TASK REQUIREMENTS:
Every line of the material is to be quoted verbatim, minus the pictures.

PROVIDED DATA:

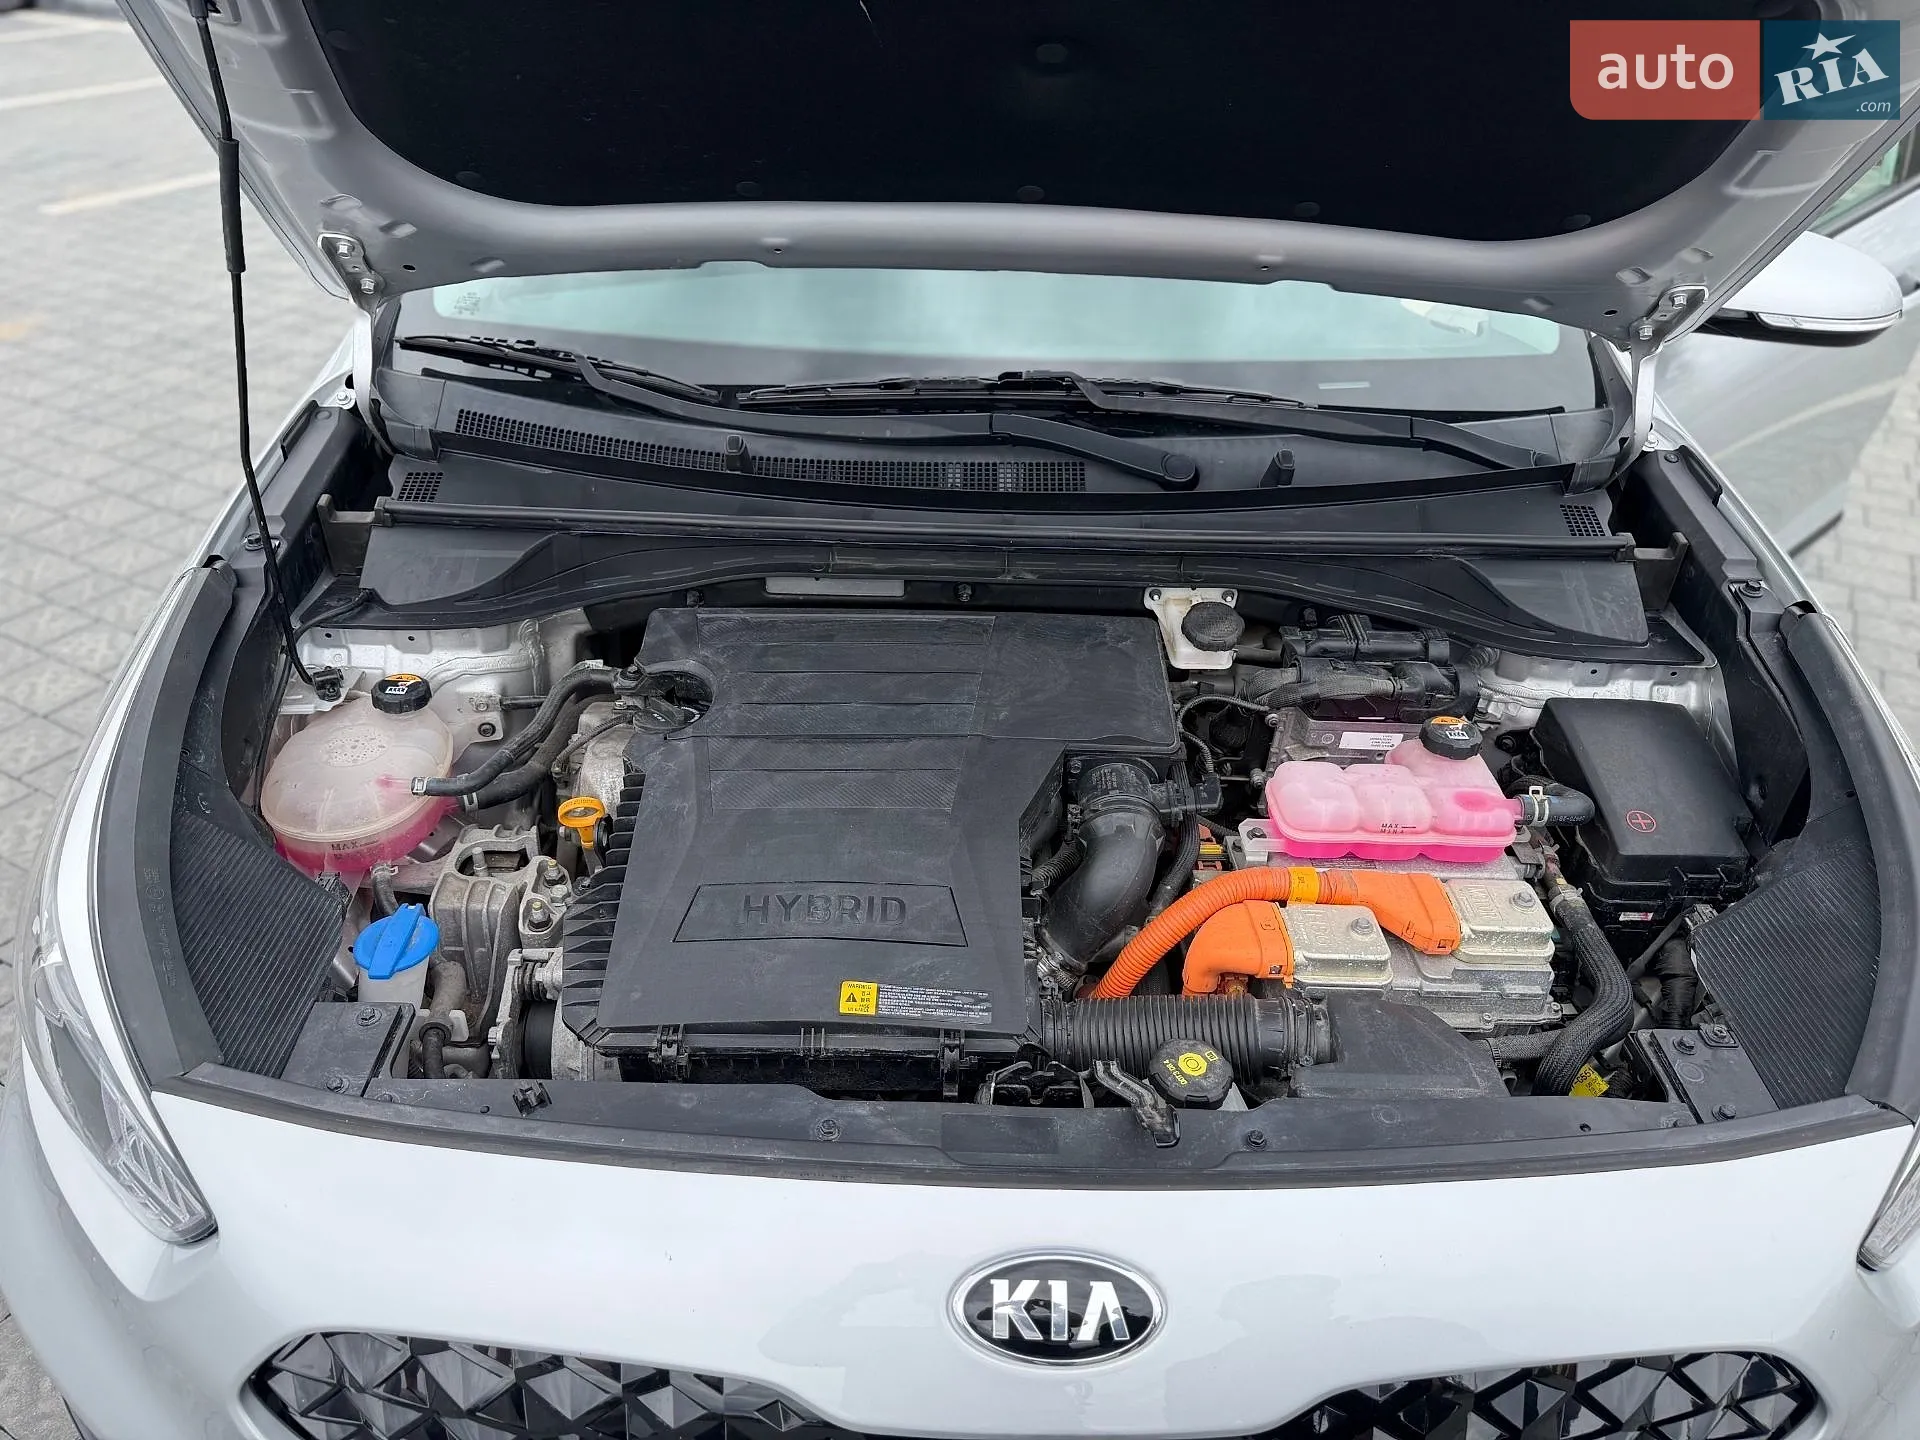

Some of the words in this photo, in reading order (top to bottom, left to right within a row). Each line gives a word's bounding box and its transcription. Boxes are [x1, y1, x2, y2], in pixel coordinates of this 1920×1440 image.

[331, 841, 358, 851] MAX
[743, 894, 907, 925] HYBRID
[990, 1279, 1130, 1341] KIA
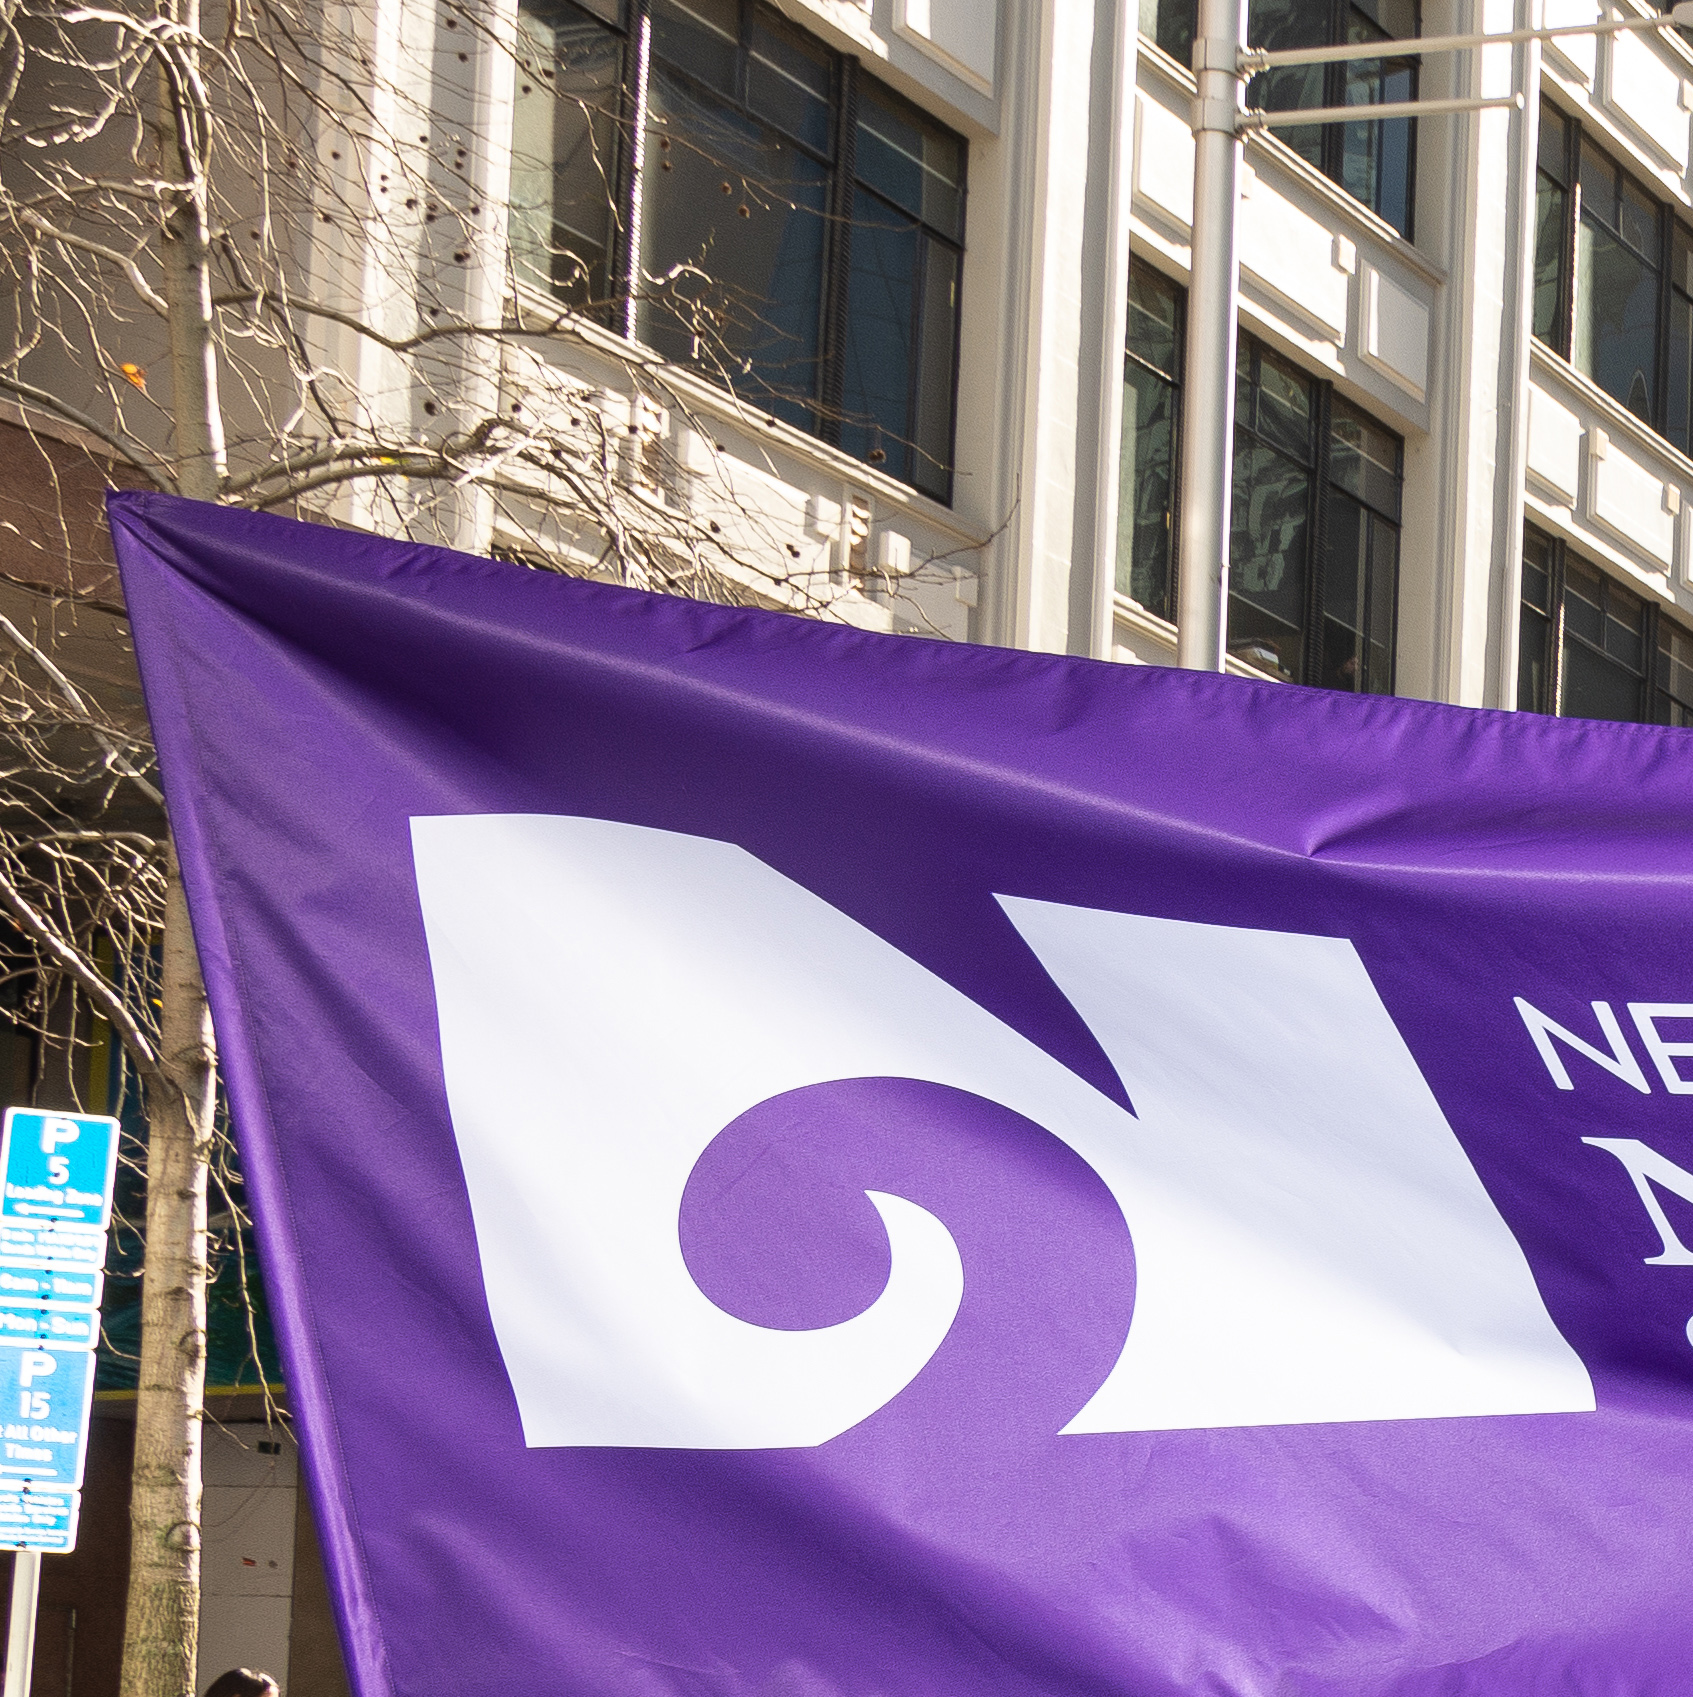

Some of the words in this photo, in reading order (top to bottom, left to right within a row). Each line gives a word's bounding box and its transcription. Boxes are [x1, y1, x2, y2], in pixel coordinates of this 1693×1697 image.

[42, 1117, 80, 1153] P
[49, 1156, 70, 1185] 5
[19, 1351, 58, 1388] P
[19, 1390, 51, 1420] 15
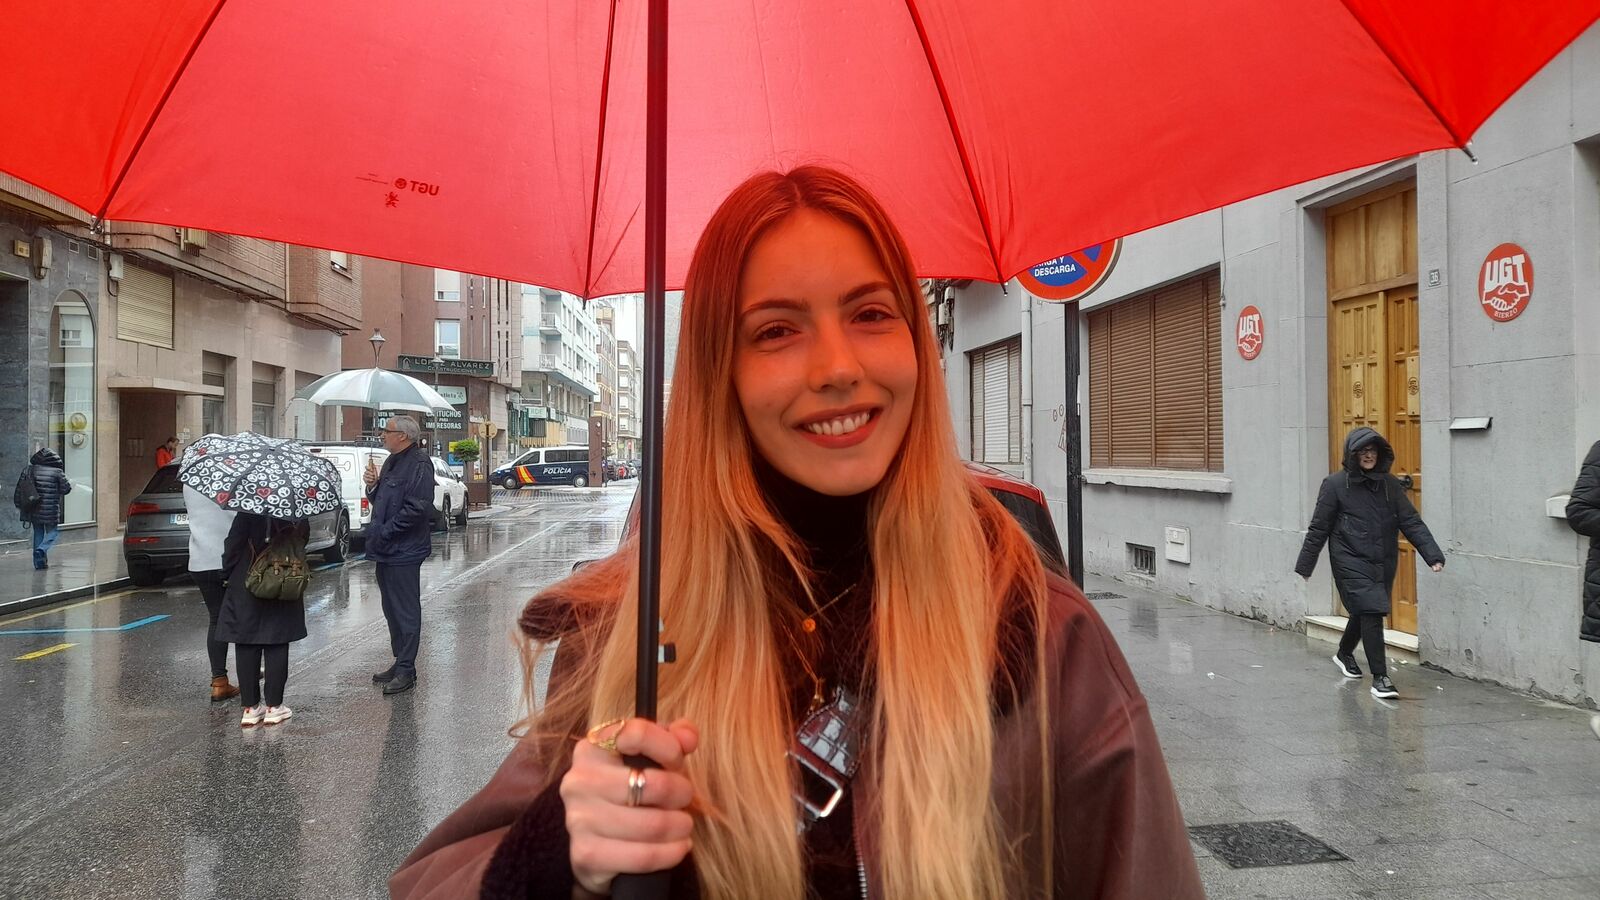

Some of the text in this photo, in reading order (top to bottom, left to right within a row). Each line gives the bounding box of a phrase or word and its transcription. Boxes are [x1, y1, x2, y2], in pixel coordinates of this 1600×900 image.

SOLUTION TO THIS TASK:
Some of the words in this photo, in reading order (top to bottom, left to right within a row). Each line gives a word's bounding box and its transcription. Boxes are [x1, y1, x2, y2], in pixel coordinates of this 1920×1440 image.

[331, 841, 358, 851] MAX
[743, 894, 907, 925] HYBRID
[990, 1279, 1130, 1341] KIA

Some of the words in this photo, in reading order (top to bottom, left to right within a row). Each line gives a word's bounding box and its transcription. Boxes are [x1, y1, x2, y2], in pixel coordinates of this 1693×1697 image.

[42, 1117, 80, 1153] P
[49, 1156, 70, 1185] 5
[19, 1351, 58, 1388] P
[19, 1390, 51, 1420] 15

Some of the text in this photo, in reading order (top to bottom, left to right within a row). Each line gives the bounding box of a phrase or word and its transcription. Boxes are [x1, y1, x2, y2], in pixel coordinates of this 1600×900 image.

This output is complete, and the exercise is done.